Una vez en la orilla y con las olas mojándole los pies, sin querer pescó un resfriado que el peluquero, es decir, el médico don Eulalio, catalogó de fulminante y exótico. Don Eulalio era dado a poner nombres a los estados de sus pacientes y éste sí fue muy exótico, ya que doña Zoila, estando al borde de la muerte, en vez de pronunciar como últimas palabras el nombre de su amado, tan sólo emitió un corto y jugoso estornudo.

Como buen pueblo chico hubo cierta condescendencia cristiana después de las dos muertes. El cura don Cipriano recomendó al peluquero y también médico don Eulalio, que escribiera en el registro de defunción una causal de muerte distinta a la de suicidio. Única forma legal en aquellos tiempos de enterrarlos en el cementerio católicamente y como Dios manda. Esto permitió a don Eulalio sentirse a sus anchas y como buen doctor, peluquero y sobre todo esteta, maquilló la verdad escribiendo que don Anselmo murió, en vez del escopetazo, de un derrame de gran calibre en el ojo izquierdo y a doña Zoila la inscribió para la posteridad como la primera mujer en morir de un estornudo convulso - viruloso - marino.
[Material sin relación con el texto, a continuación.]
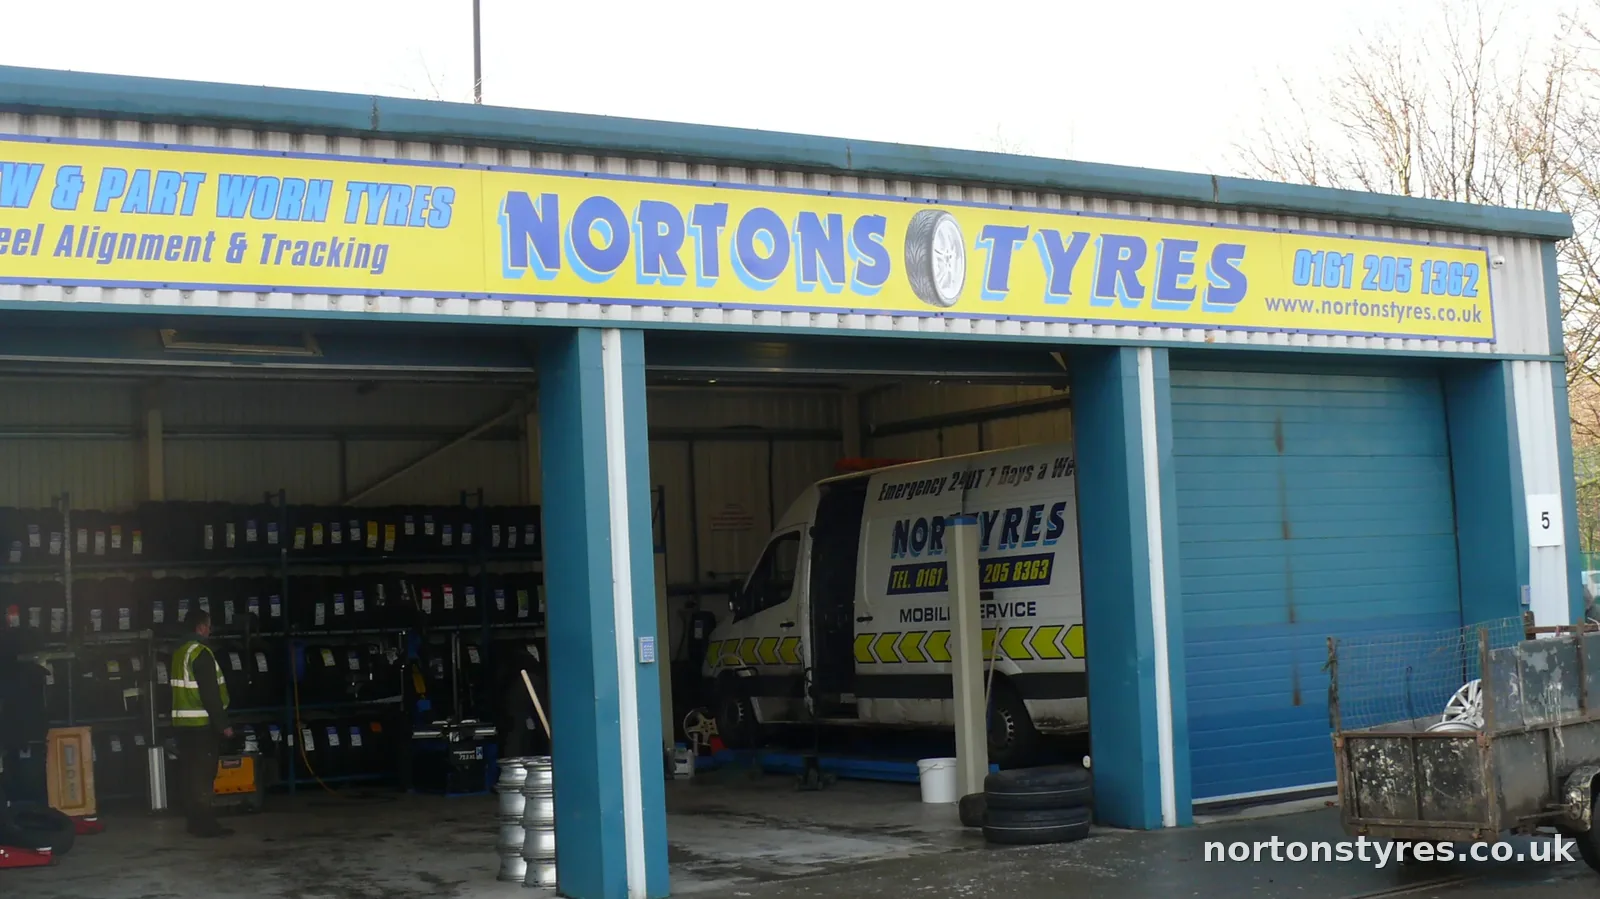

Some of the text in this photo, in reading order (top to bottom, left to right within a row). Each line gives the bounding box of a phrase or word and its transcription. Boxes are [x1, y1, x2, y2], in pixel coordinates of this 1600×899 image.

[0, 161, 456, 229] W & PART WORN TYRES
[53, 224, 217, 264] Alignment
[226, 232, 247, 263] &
[260, 234, 389, 275] Tracking
[498, 191, 891, 297] NORTONS
[975, 225, 1248, 313] TYRES
[1293, 249, 1479, 298] 0161 205 1362
[1265, 296, 1482, 327] www.nortonstyres.co.uk
[878, 477, 947, 502] Emergency
[999, 464, 1035, 488] Days
[1037, 462, 1049, 481] a
[1051, 457, 1077, 480] We
[892, 502, 1067, 559] NOR YRES
[1540, 511, 1551, 530] 5
[892, 558, 1051, 590] TEL. 0161 205 8363
Así, esa noche con el Chumingo decidimos recrear lo que ellos jamás osaron realizar en sus vidas; unimos prolijamente cada pedazo y los depositamos en un gran ataúd. Los colocamos de una manera muy impía y poco decorosa, es más, para realzar aquella escena el Chumingo buscó el cadáver de un niñito y lo introdujo en la panza de doña Zoila.

Grande fue nuestra sorpresa al otro día, don Cipriano el cura, corría por las calles del pueblo gritando -¡Sacrilegio, sacrilegio!-. Subido en el balcón del “bar del pobre negro”, rasgó la sotana a jirones y exclamó que lo realizado en aquel ataúd no tenía nombre, que la cólera divina azotaría a todo Buenaventura hasta quitar la abominación de entre nosotros.

Fue tan grave la situación a los ojos semi-infantiles, que al Chumingo y a mí, nos entró el remordimiento y cuando estábamos listos para confesar nuestra falta, nos enteramos, que en una reacción de auténtica e ingenua fe popular, don Cipriano casó públicamente a ambos muertos y bautizó al niño borrando la afrenta de ser un par de cadáveres libertinos y pecaminosos. Pésimos ejemplos para futuros cadáveres como nosotros.

¡Ah, qué cadáveres de aquellos tiempos! A propósito, busqué a don Anselmo y doña Zoila, pero encontré solamente a don Anselmo y nada menos que rodeado de cinco cadáveres de niños. Incluso con los muertos, ¿quién dijo que el amor es para siempre?.

Esto me consuela, quiere decir que el Chumingo aún está vivo, razón suficiente para abandonar Buenaventura lo más pronto posible, no pienso darle el gusto de morirme antes que él.